Can supervised access be requested? 

ANY assistance would be appreciated.


----------



## samanthajane (4 Apr 2010)

Hi again, only just see you posted this as well. 

There are a number of places you can contact for information. 

CIC again, and within the CIC there is FLAK, it is free legal advice, they can go through the process of what you have to do. I tried to look for a number for you but i couldn't find one. The dublin number is 01-4735178, maybe if you give them a ring they can give you some info or even a number for closer to where you are. 

There is also a place called Treois, again in dublin but at least you can get some info. They wern't able to help in my situation but gave me some brilliant advice. There number is 01-6700120. 

Make sure what ever you do you get a solicitor, i made the mistake of thinking i didn't need one, and well i lost and now I'm having to appeal. It can sometimes take a while but if it is an emergency then you can get help pretty quick. I contact them on thursday and i'm going into them on tuesday and i will be walking out with a list of legal aid solicitors to contact and all the paperwork i need. You and yours children's safety are the very important so you should be helped straight away. 

I haven't done much research in this section myself, but i know someone that did. She didn't need statements from anyone, she went in said what she had to say and the barring order was made. Also helped that the other side didn't even bother to turn up to court.

I found out that just bringing a statement that was made is not good enough, even with a case number, find out who the guard was that you dealt with and contact them and ask them to appear in court for you. Same with your children as well. In my case i was in court on the tuesday and the judge asked to see the children. He saw them at 12.45pm on the wednesday when the morning criminal cases had been finished. The place was empty apart from a few guards and the judges clerk. And the afternoon session wasn't taking place untill 2pm so there was no chance of them seeing any of the other side. 

I'm not sure of the time scale from when you make an order concerning your situation. What you can do yourself to speed things up is go to the district court house and make an application yourself, you wont need to bring any paper work with you that day. At least then you will have a date and you can then contact a solicitor. 

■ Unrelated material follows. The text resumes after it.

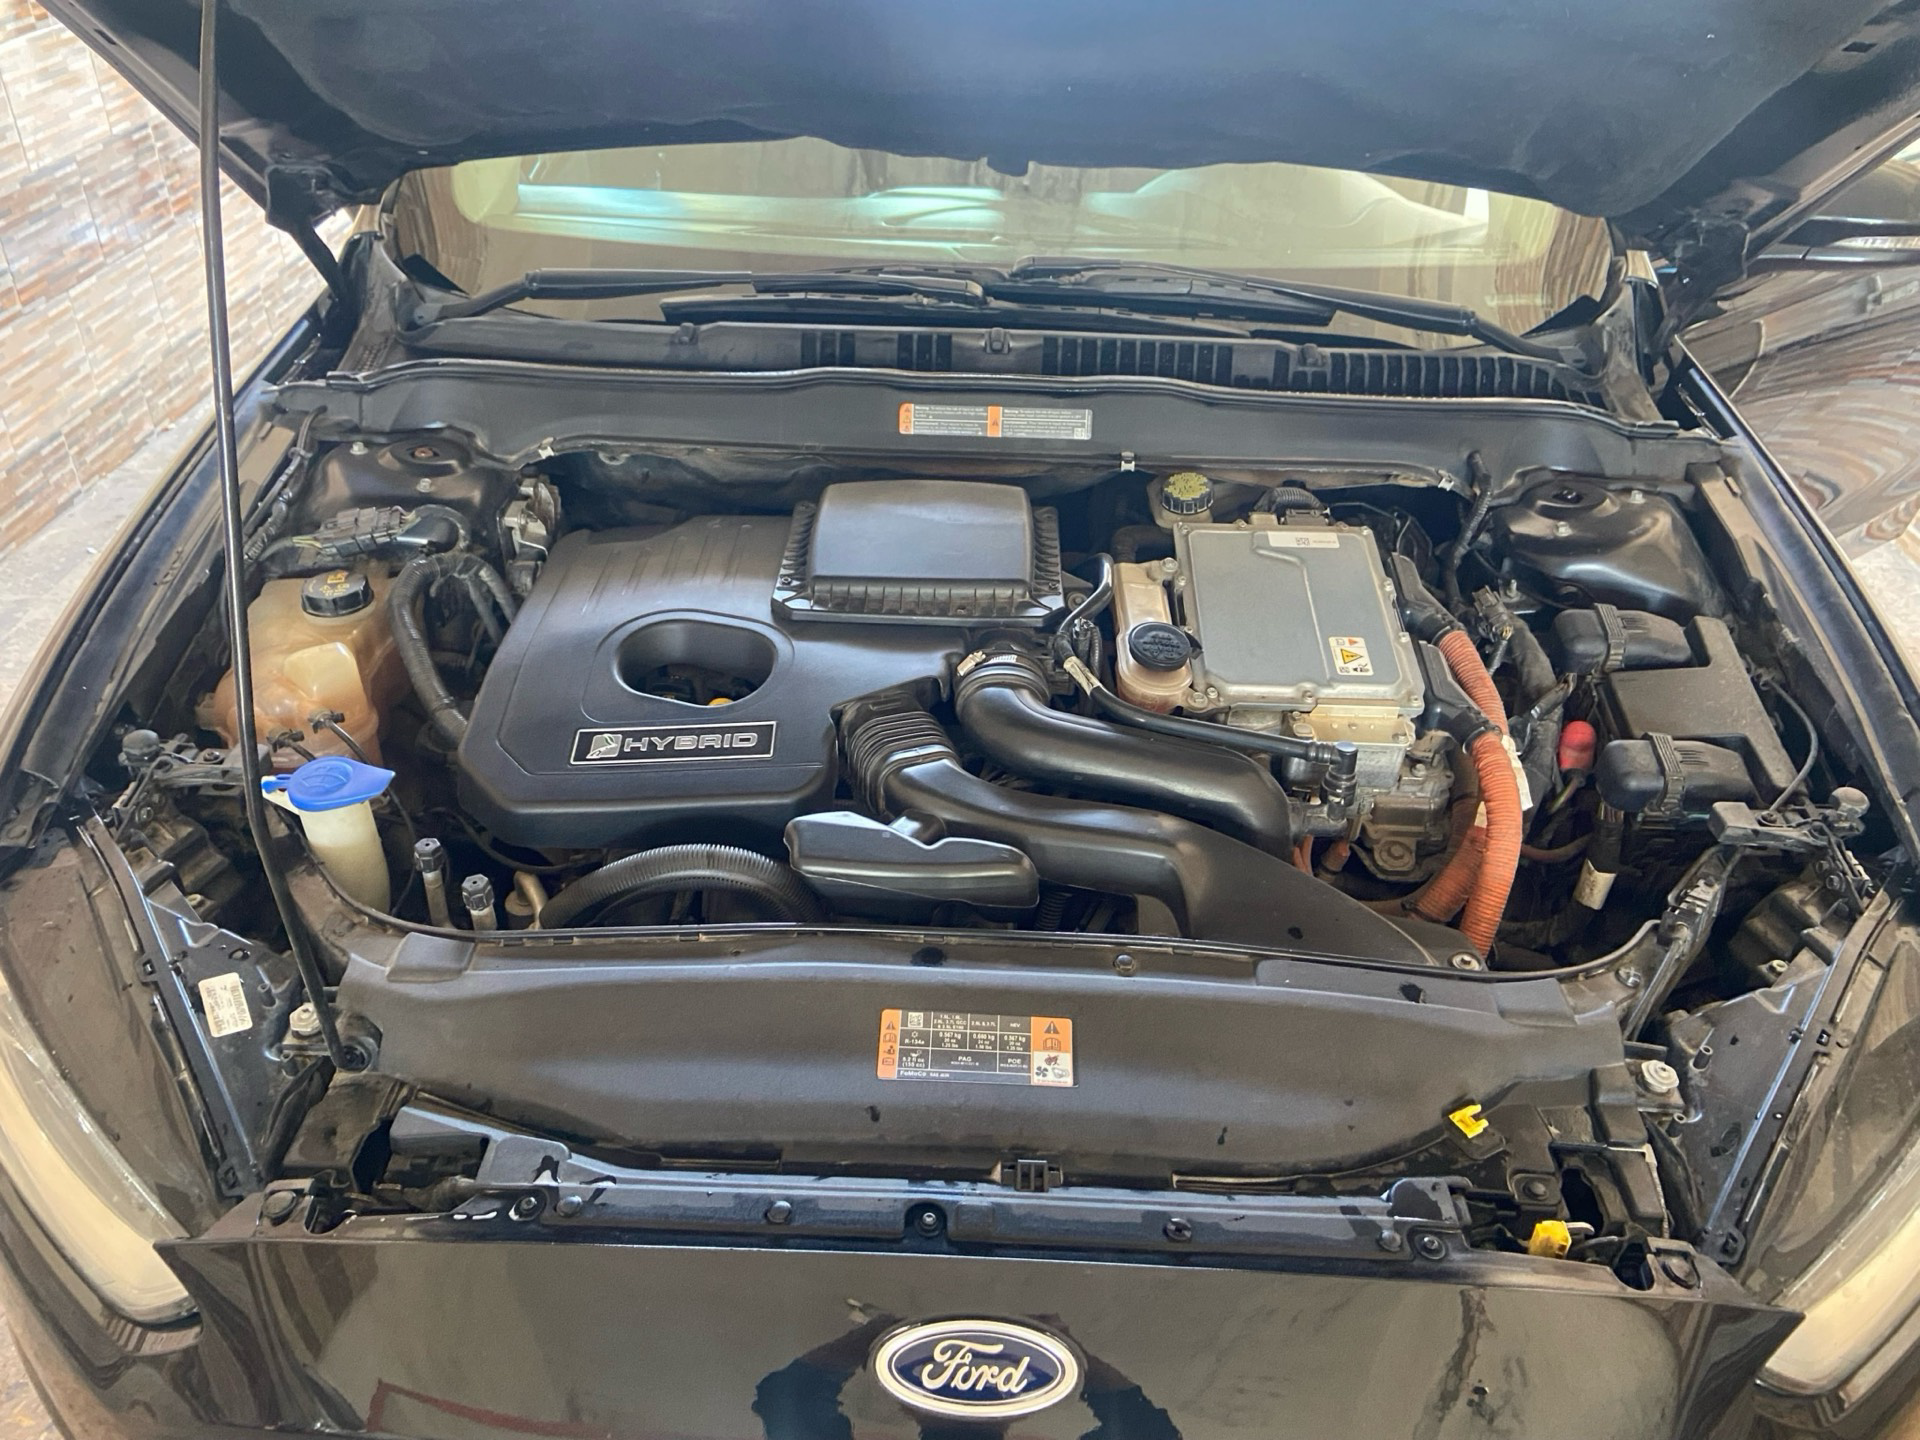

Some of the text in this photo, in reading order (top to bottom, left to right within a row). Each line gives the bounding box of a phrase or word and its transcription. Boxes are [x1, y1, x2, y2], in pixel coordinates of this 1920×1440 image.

[624, 733, 758, 752] HYBRID
[954, 1032, 961, 1040] kg
[921, 1339, 1030, 1394] Ford

Every situation is different, even if i knew every single detail of your situation there is no way of knowing if supervised access will be ordered or even the barring order. I've learnt myself that anything can happen, and the other party could say anything, you just dont know. But if you have reports made to the police and your children have been witness, only in my opinion but i think you could very well get the barring order. The supervised access could be a bit more difficult. I have a very close friend that was battered black and blue for years. She got the barring order no problem but was refused the supervised access, the children wanted to see their father he had never hurt them, so they must of felt safe around him and he was very careful not to do anything in front of them, so the judge obviously thought he was no danger to them and he was allowed access to them with no supervision. Bleeding stupid i think, but like i said you have no way of knowing what will happened. 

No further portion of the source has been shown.